Hoewel De Groot een overtuigd pacifist was, riep hij tijdens de oorlog op tot gewapend
verzet. Tot tweemaal toe werd hij door de Duitsers gevangen gezet, maar beide keren kon
hij vrijkomen. Zijn verzetspoëzie (geschreven onder de pseudoniemen J. ten Mutsaert en
Haje Sikkema) is opgenomen in Om land en hart (1945) en Moederkoren (1945).
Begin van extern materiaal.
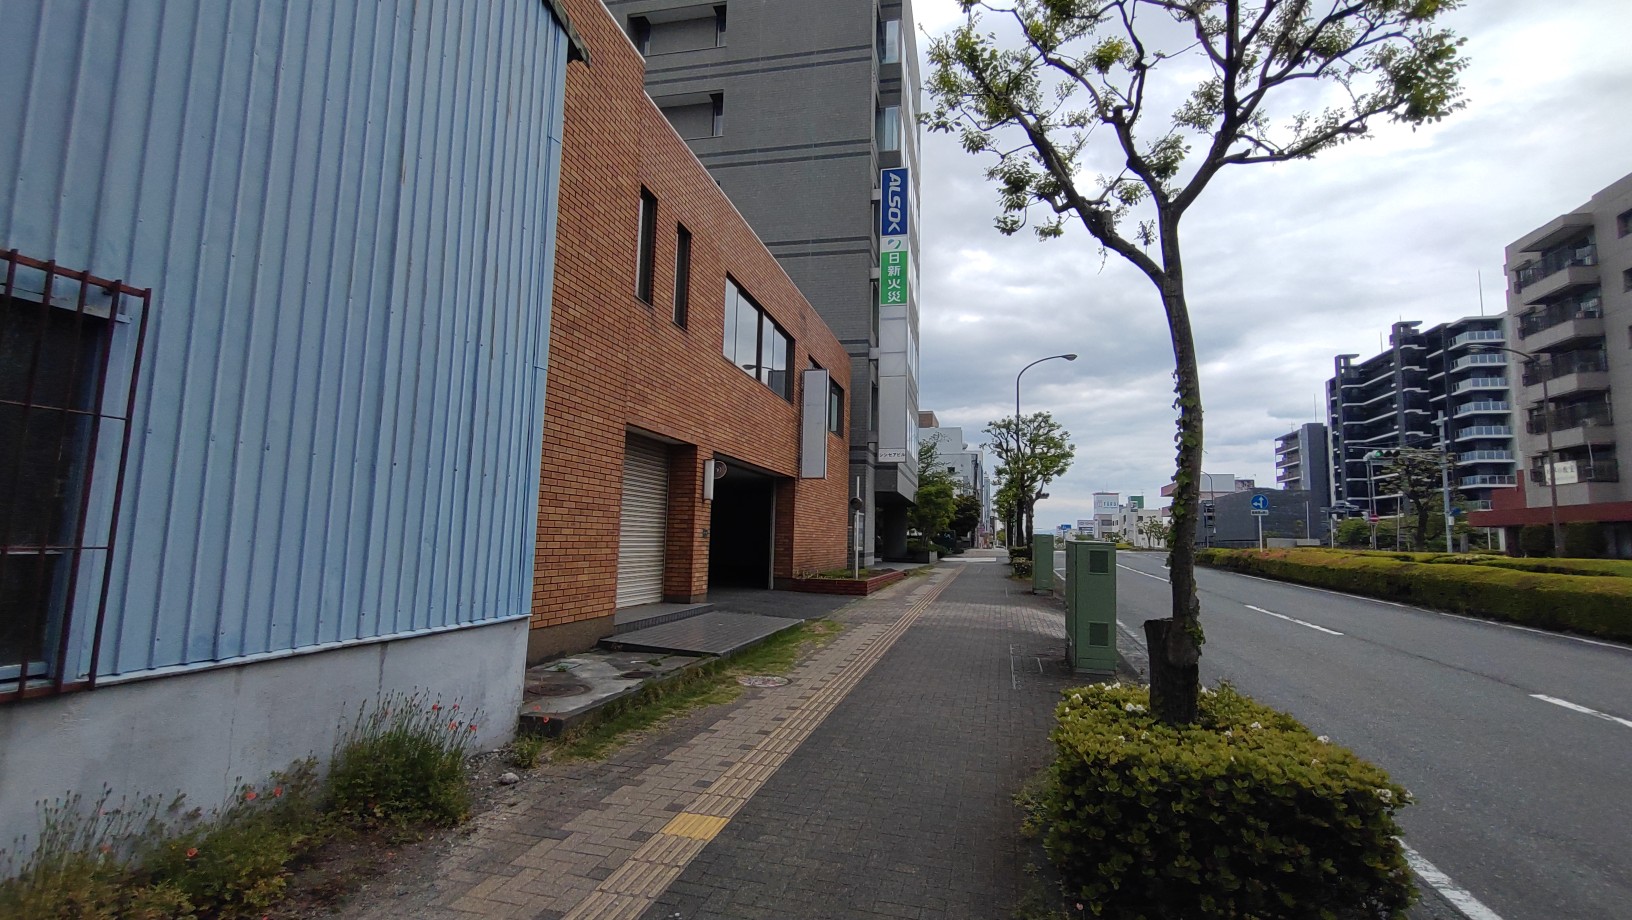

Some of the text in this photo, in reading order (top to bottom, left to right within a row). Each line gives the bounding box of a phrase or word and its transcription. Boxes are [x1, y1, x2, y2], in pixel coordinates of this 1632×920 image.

[887, 172, 902, 233] ALSOK
[887, 252, 901, 303] 日新火災
Voor die
laatste bundel kreeg hij in 1946 de Poëzieprijs van Amsterdam.
De tweede wereldoorlog heeft een breuk aangebracht in het denken van De Groot. Hoewel
hij aanvankelijk blijft meewerken aan christelijke literaire tijdschriften als Ontmoeting en
Woordwerk, wordt zijn poëzie steeds meer geïnspireerd door het socialisme en neemt zijn
engagement toe. Dat zijn oorspronkelijk geloof tijdens de oorlog aan het wankelen werd
gebracht, blijkt onder meer uit de bundel Bittermeren (1976).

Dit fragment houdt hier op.